Segment Start: AVAILABLE DATA

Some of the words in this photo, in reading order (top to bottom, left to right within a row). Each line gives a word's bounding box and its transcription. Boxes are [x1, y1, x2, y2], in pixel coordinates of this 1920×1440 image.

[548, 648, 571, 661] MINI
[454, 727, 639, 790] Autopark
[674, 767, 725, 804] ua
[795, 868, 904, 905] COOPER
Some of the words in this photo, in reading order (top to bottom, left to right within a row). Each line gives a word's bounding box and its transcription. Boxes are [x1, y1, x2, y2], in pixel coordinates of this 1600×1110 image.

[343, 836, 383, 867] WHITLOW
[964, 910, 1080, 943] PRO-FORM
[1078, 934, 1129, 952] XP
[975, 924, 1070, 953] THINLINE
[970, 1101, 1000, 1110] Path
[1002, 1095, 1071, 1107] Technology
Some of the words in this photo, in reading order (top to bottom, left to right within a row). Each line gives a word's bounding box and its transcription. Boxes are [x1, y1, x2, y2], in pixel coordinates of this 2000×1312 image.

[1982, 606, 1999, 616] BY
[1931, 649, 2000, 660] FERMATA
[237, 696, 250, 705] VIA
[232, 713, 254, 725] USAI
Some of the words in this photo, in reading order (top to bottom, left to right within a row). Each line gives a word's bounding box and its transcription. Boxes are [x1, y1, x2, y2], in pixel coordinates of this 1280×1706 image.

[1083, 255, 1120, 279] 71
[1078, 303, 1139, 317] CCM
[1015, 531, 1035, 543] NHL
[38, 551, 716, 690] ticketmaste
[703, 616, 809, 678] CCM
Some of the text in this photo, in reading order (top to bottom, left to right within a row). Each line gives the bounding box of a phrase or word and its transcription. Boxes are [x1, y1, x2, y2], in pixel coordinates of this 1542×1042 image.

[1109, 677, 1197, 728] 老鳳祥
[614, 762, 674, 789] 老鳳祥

Segment End: AVAILABLE DATA

*ACTIVITY*: An exact copy of the line containing "this 2000×1312 image." and all lines after it, through the last line of the entries, is the required answer.

*RESPONSE TO THE EXERCISE*:
Some of the words in this photo, in reading order (top to bottom, left to right within a row). Each line gives a word's bounding box and its transcription. Boxes are [x1, y1, x2, y2], in pixel coordinates of this 2000×1312 image.

[1982, 606, 1999, 616] BY
[1931, 649, 2000, 660] FERMATA
[237, 696, 250, 705] VIA
[232, 713, 254, 725] USAI
Some of the words in this photo, in reading order (top to bottom, left to right within a row). Each line gives a word's bounding box and its transcription. Boxes are [x1, y1, x2, y2], in pixel coordinates of this 1280×1706 image.

[1083, 255, 1120, 279] 71
[1078, 303, 1139, 317] CCM
[1015, 531, 1035, 543] NHL
[38, 551, 716, 690] ticketmaste
[703, 616, 809, 678] CCM
Some of the text in this photo, in reading order (top to bottom, left to right within a row). Each line gives the bounding box of a phrase or word and its transcription. Boxes are [x1, y1, x2, y2], in pixel coordinates of this 1542×1042 image.

[1109, 677, 1197, 728] 老鳳祥
[614, 762, 674, 789] 老鳳祥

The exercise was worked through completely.